■ **Exercise description**
Copy out all of the lines below exactly; the pictures do not belong in the copy.

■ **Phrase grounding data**
┏━━

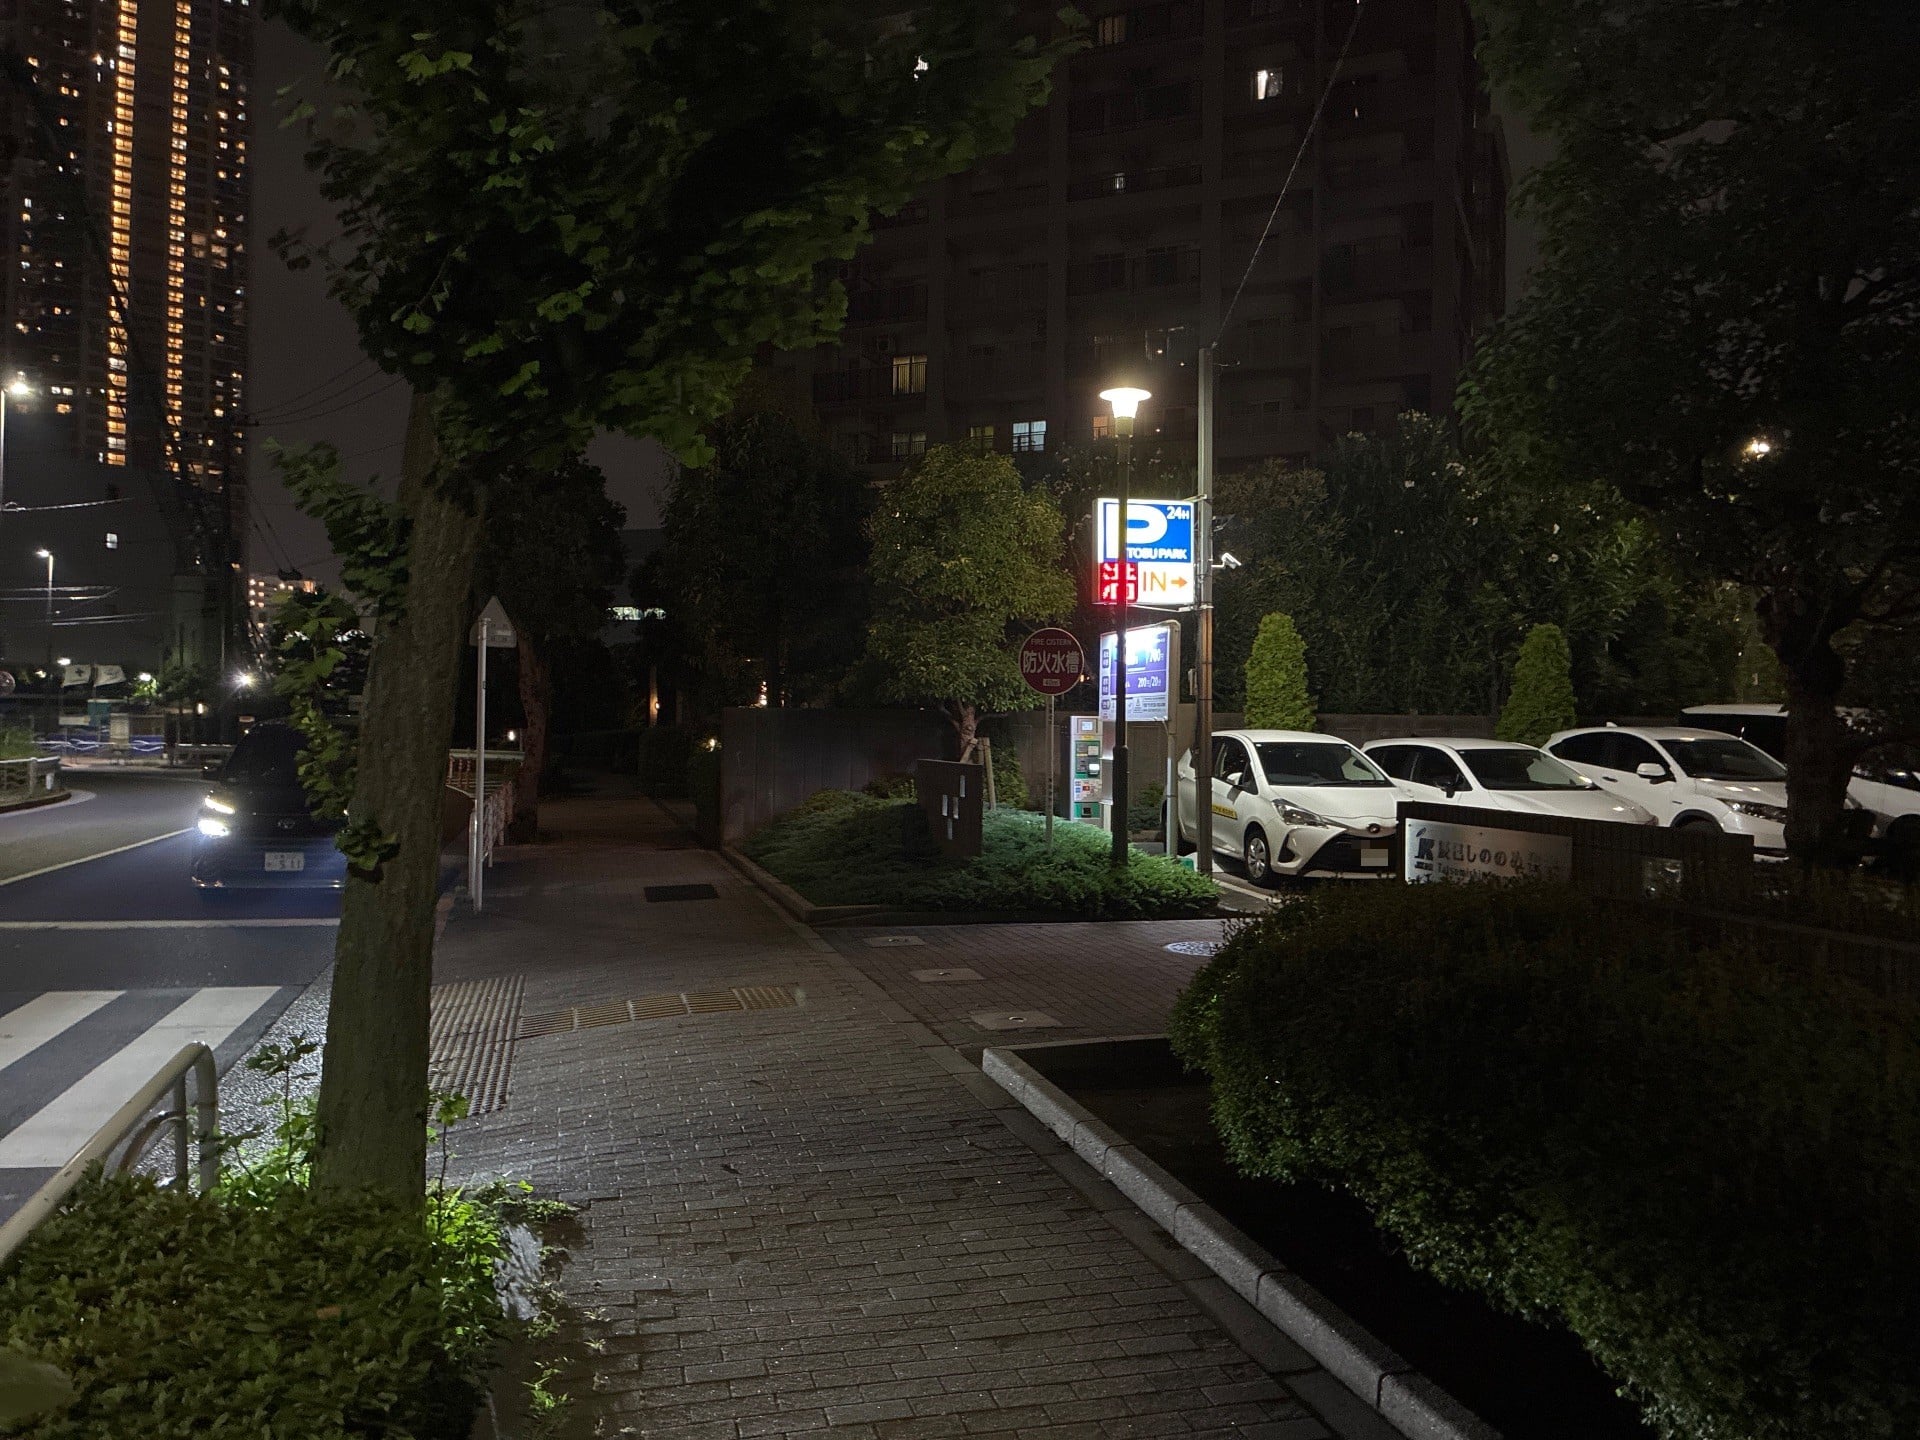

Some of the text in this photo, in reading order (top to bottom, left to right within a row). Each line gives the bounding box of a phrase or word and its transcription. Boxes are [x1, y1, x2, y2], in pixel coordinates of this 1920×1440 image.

[1166, 506, 1190, 520] 24H
[1105, 503, 1168, 559] P
[1126, 547, 1188, 560] TOBU PARK
[1143, 571, 1166, 592] IN
[1031, 638, 1072, 646] FIRE CISTERN
[1023, 650, 1080, 674] 防火水槽

┗━━

■ **Exercise output**
Some of the text in this photo, in reading order (top to bottom, left to right within a row). Each line gives the bounding box of a phrase or word and its transcription. Boxes are [x1, y1, x2, y2], in pixel coordinates of this 1920×1440 image.

[1166, 506, 1190, 520] 24H
[1105, 503, 1168, 559] P
[1126, 547, 1188, 560] TOBU PARK
[1143, 571, 1166, 592] IN
[1031, 638, 1072, 646] FIRE CISTERN
[1023, 650, 1080, 674] 防火水槽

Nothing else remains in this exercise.